Est-ce sûr ? La science répond oui

Les nombreuses études scientifiques menées en France et à l’international convergent toutes vers le même constat : l’accès direct est sûr et efficace. En France, un rapport de 2022 de l’Inspection générale des affaires sociales (IGAS) consacré à l’expérimentation de l’accès direct aux kinésithérapeutes conclut que le risque de perte de chance pour le patient « paraît devoir être relativisé ». La revue Cochrane, référence mondiale en matière d’évaluation scientifique, fait le même constat dans le cas des infirmiers en accès direct. Pour les problèmes de santé courants et les maladies chroniques, ils fournissent des soins d’une qualité au moins égale à celle observée lorsqu’un parcours de soins débute par une consultation chez le médecin. L’Organisation de coopération et de développement économiques (OCDE) l’a encore rappelé dans un rapport de 2024 sur les IPA : aucun impact négatif sur la qualité des soins et la sécurité des patients n’a été observé.

Cette sécurité repose sur la formation des professionnels de santé. Ils sont préparés à identifier les signes cliniques (nommés « drapeaux rouges ») indiquant des situations nécessitant une orientation vers un médecin. Les études montrent d’ailleurs une grande pertinence dans leurs décisions d’orientation.

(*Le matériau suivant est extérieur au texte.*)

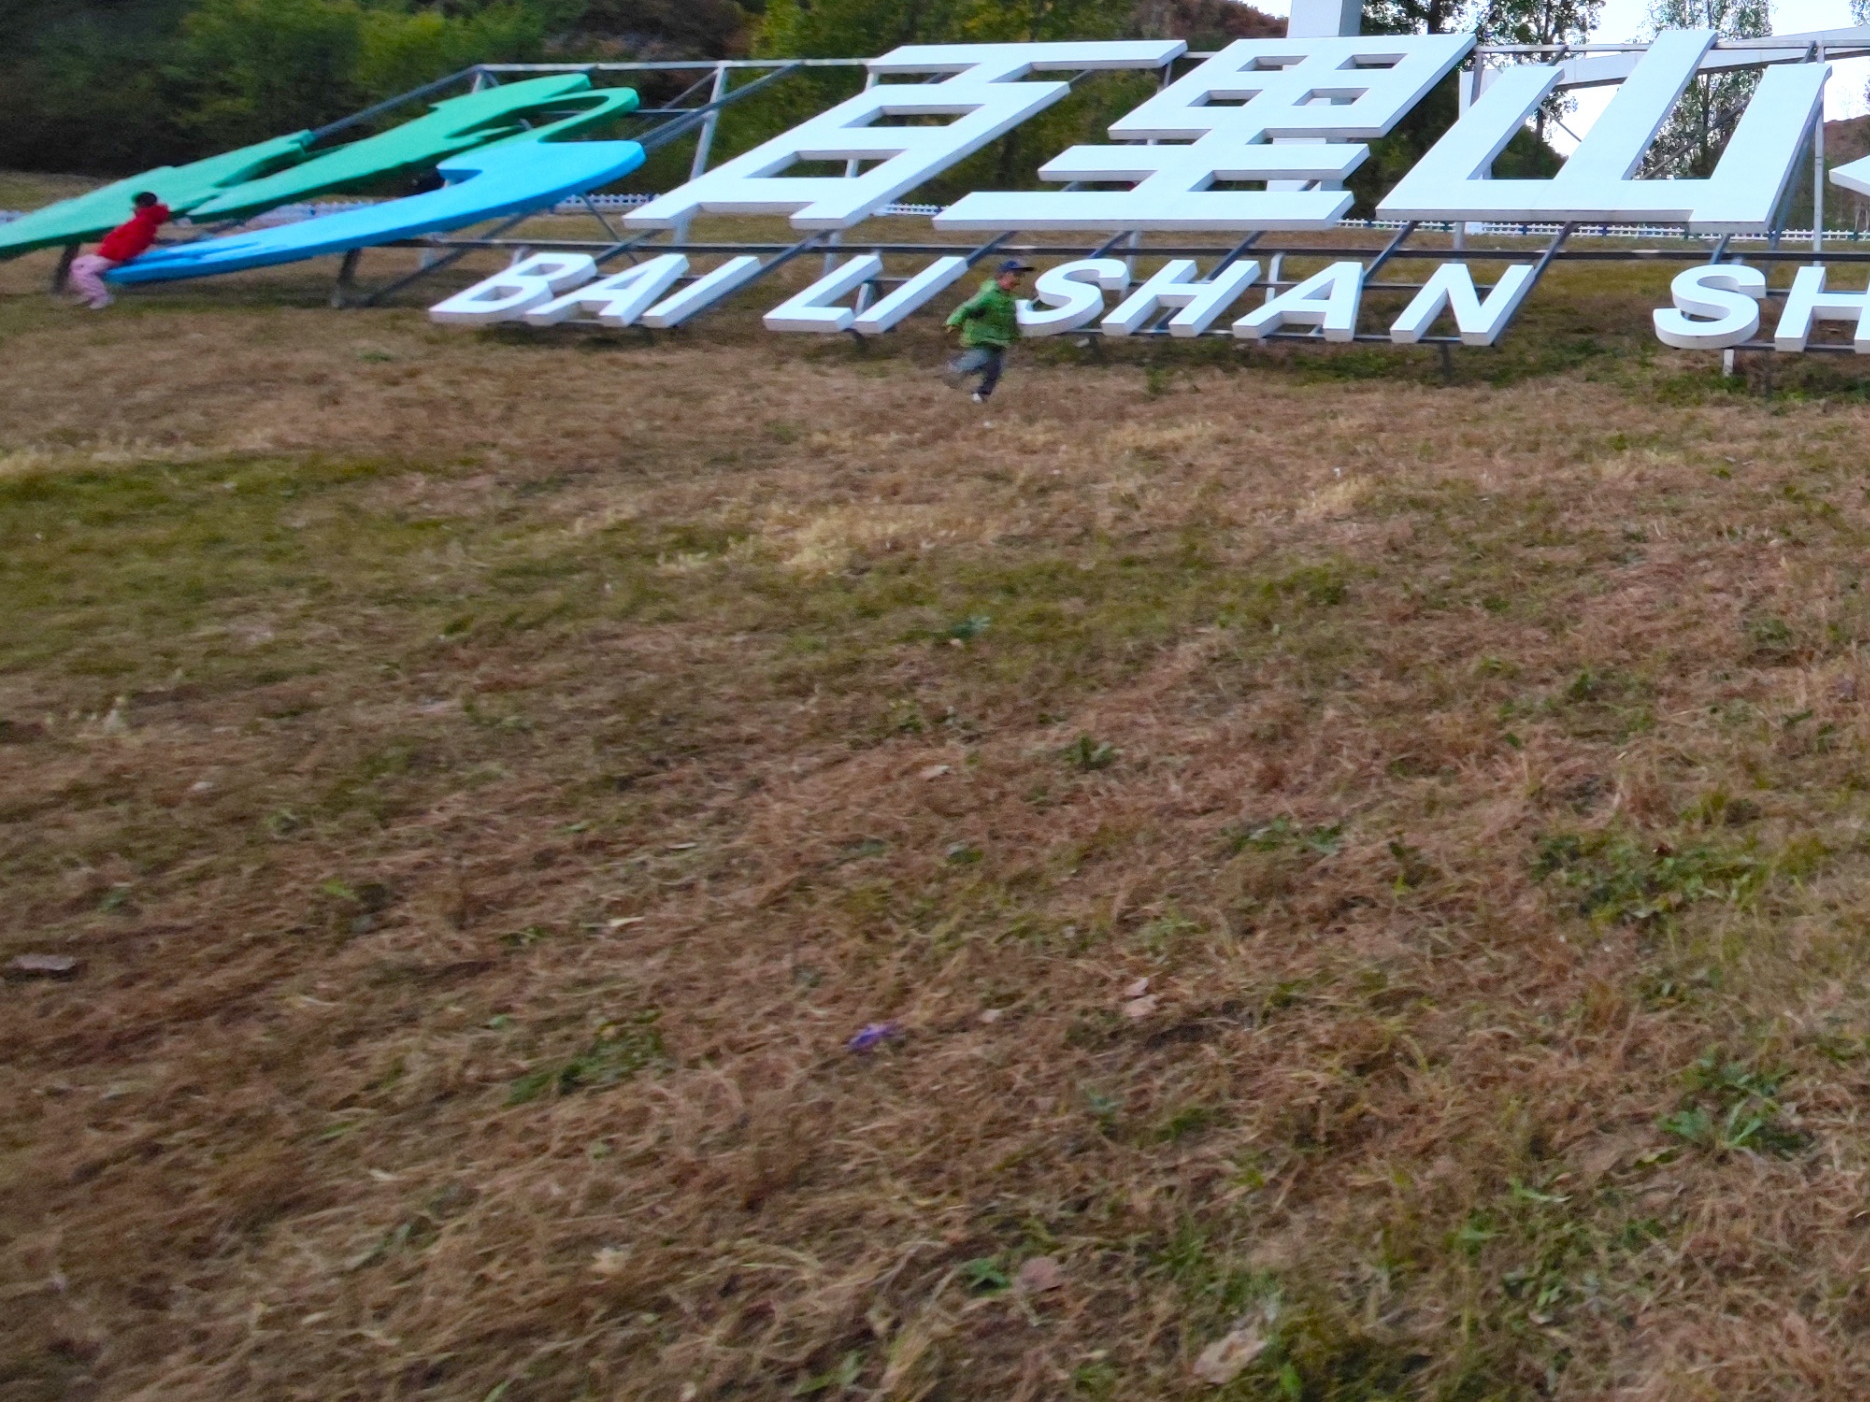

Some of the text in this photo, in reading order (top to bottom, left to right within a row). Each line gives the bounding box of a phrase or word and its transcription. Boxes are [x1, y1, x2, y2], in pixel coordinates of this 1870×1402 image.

[429, 252, 760, 329] BAI
[762, 254, 969, 334] LI
[1016, 257, 1535, 347] SHAN

Pourquoi ça intéresse tout le monde ?

Les bénéfices sont partagés. Pour les patients, moins de démarches, un accès plus rapide aux soins et une prise en charge par l’Assurance Maladie dans les mêmes conditions que les consultations effectuées sur ordonnance. Pour les médecins, un allègement des consultations d’orientation, qui leur libère du temps pour ce qui constitue le cœur de leur métier : diagnostiquer et traiter les cas complexes. Pour le système de santé, cette évolution est neutre pour les dépenses publiques et peut même générer des économies grâce à une organisation plus efficace des soins.

L’accès direct n’est pas une révolution : c’est l’évolution logique d’un système qui cherche à mieux mobiliser les compétences de chacun, au bénéfice de tous.